Dégel du corps électoral (2024) – Analyse de Sylvain Pabouty

Depuis toujours, la France pour sauvegarder ses intérêts se réfère presqu’exclusivement à son droit national et parfois et seulement si, à celui du droit international lorsque cela l’arrange. Une situation paradoxale pour une puissance, membre du Conseil de Sécurité de l’ONU. Mais, cela pouvait-il en être autrement puisqu’elle reste une puissance occidentale, coloniale et impérialiste.

Les exemples concrets par le passé sont légion. Qui ne se rappelle pas du détachement de Mayotte pour que l’île demeure française alors qu’elle fait intégrante de l’archipel des Comores ; un archipel ayant accédant à l’indépendance en 1975 ?

La France a voulu réitérer la même opération en 1980 en organisant en sous-main la rébellion de Santo contre le nouveau gouvernement indépendant ni-vanuatu qui était en train de s’installer. La rébellion a finalement échoué. Sinon, l’île de Santo, francophone, avec un statut semblable à celui de Mayotte…

De son statut de membre du Conseil de Sécurité de l’ONU, à l’instar des autres pays occidentaux, la France a pu abuser d’un droit international, au sortie de la 2e guerre mondiale, en cours d’élaboration et quelque peu laxiste, notamment en ce qui concerne du droit à l’autodétermination, pour faire ses affaires.

C’était l’époque du partage du monde entre les occidentaux vainqueurs de ladite guerre.
Ainsi, la Nouvelle Calédonie, étant une colonie jusqu’en 1946-47, est devenue subitement un territoire français. Un changement de statut comme une lettre à la poste !
Grâce au FLNKS, la Nouvelle Calédonie a pu être réinscrite en 1986 sur la liste des territoires à décoloniser…

Pour éviter à tout prix une accession à l’indépendance de la NC, la France et la droite coloniale ne lésinent pas sur les moyens ; notamment celui du non-respect du droit international, du moins une partie de ce droit.
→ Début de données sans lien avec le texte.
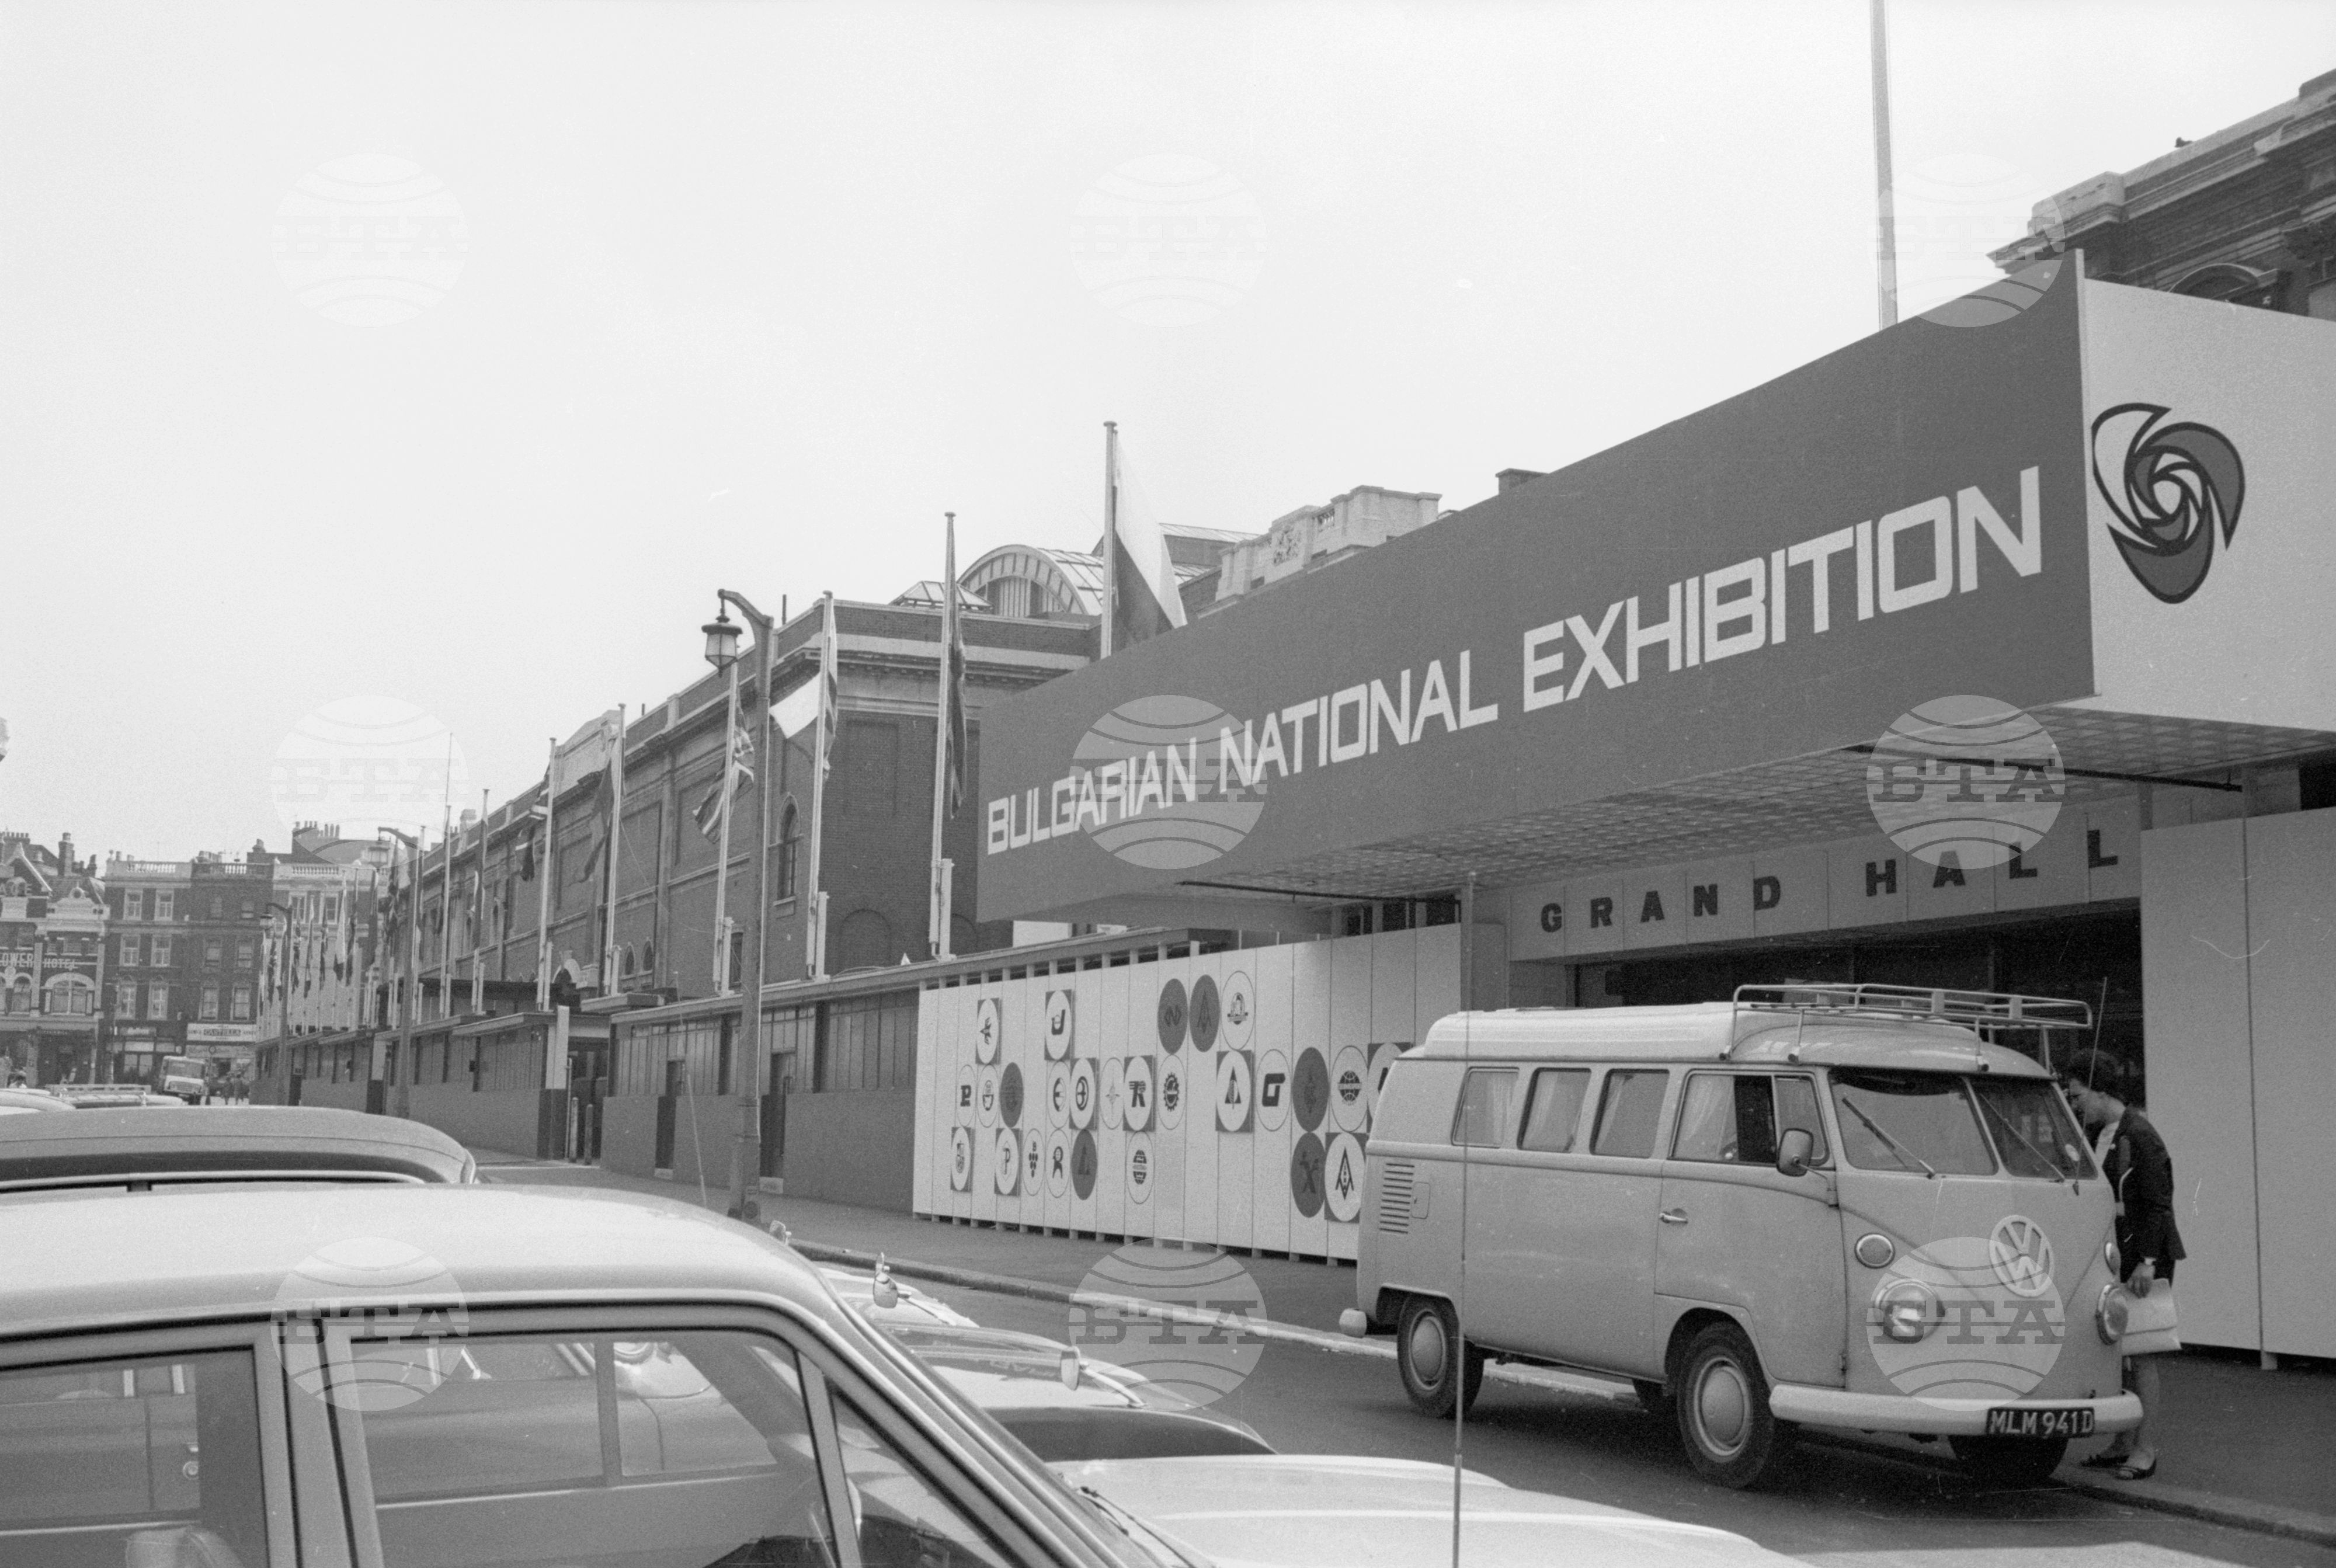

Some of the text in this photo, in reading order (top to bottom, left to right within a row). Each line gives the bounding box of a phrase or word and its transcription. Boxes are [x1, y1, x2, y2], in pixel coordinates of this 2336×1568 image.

Il n’est pas, évidemment, inutile de rappeler la décision unilatérale de la France d’organiser le 3e référendum le 12 décembre 2021 au lieu de 2022. Une date demandée d’une manière insistante par les kanak, constituant le peuple autochtone, de surcroît, colonisé en NC. Donc, là, contrairement aux droits des peuples autochtones reconnus à l’ONU, pas de respect…
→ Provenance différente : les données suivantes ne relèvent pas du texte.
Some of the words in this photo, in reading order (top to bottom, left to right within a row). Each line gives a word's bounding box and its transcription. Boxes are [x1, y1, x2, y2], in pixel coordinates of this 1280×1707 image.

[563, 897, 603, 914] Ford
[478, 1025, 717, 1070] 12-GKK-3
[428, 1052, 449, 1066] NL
Afin d’ancrage définitivement la NC en son sein, la France évoque des « exigences démocratiques » pour faire voter lors des prochaines élections provinciales des populations d’une immigration récente, toujours dans le but de « noyer » encore une fois le peuple kanak, une pratique contraire aux résolutions de l’ONU.

En effet, que dit l’ONU sur l’immigration instrumentalisée par les pays colonisateurs ?
« [L’Assemblée générale de l’ONU] Rappelant également que le droit à l’autodétermination, tel qu’il est reconnu par la Charte, doit être exercé en tenant compte de l’ensemble des droits de l’homme et des libertés fondamentales, et que les modifications de la composition démographique dues à l’immigration ou au déplacement de populations ne doivent pas porter atteinte à l’exercice de ce droit, conformément aux résolutions pertinentes de l’Assemblée générale. » C’est la résolution 1541 de l’Assemblée générale de l’ONU, 1960…
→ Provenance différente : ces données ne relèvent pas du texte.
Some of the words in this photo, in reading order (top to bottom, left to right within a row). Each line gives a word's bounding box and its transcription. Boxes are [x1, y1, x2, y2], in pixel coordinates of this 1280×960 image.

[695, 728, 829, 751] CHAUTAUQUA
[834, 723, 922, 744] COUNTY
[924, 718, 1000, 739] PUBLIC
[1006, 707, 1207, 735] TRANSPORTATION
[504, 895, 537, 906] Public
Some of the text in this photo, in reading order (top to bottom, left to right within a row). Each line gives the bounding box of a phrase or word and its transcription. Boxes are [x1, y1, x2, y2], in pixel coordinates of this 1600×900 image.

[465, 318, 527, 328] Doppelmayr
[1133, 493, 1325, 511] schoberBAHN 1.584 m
Par ailleurs, le 10 décembre 1980, dans le « Plan d’action pour l’application intégrale de la déclaration sur l’octroi de l’indépendance aux pays et aux peuples coloniaux ». l’ONU indiquait que profondément consciente du fait que, vingt ans après l’adoption de la déclaration sur l’octroi de l’indépendance aux pays et aux peuples coloniaux, le système du colonialisme continue d’exister dans plusieurs régions du monde, (…) et qu’elle réaffirme au point 4 le droit inhérent des peuples soumis au colonialisme sous toutes ses formes et dans toutes ses manifestations de lutter, par tous les moyens dont ils disposent, contre les régimes coloniaux et racistes qui répriment leurs aspirations à la liberté, à l’autodétermination et à l’indépendance ;

Annexe (plan d’action)

Et au point 8 que « les Etats membres adopteront les mesures nécessaires pour décourager ou prévenir l’afflux systématique dans les territoires sous domination coloniale d’immigrants et de colons venus de l’extérieur qui bouleversent la composition démographique de ces territoires et peut être un obstacle majeur à l’exercice véritable du droit à l’autodétermination et à l’indépendance par les habitants de ces territoires. » On ne peut plus clair !

Comment avons-nous pu leur laisser croire pendant ces mois de « discussions » en bi et tri latérales, à Paris ou à Nouméa, que le peuple kanak serait d’accord pour se noyer encore dans un peuple calédonien composé en majorité d’immigrés ? Le document-martyr prouve qu’il y a manifestement « foutage de gueule » envers le peuple kanak.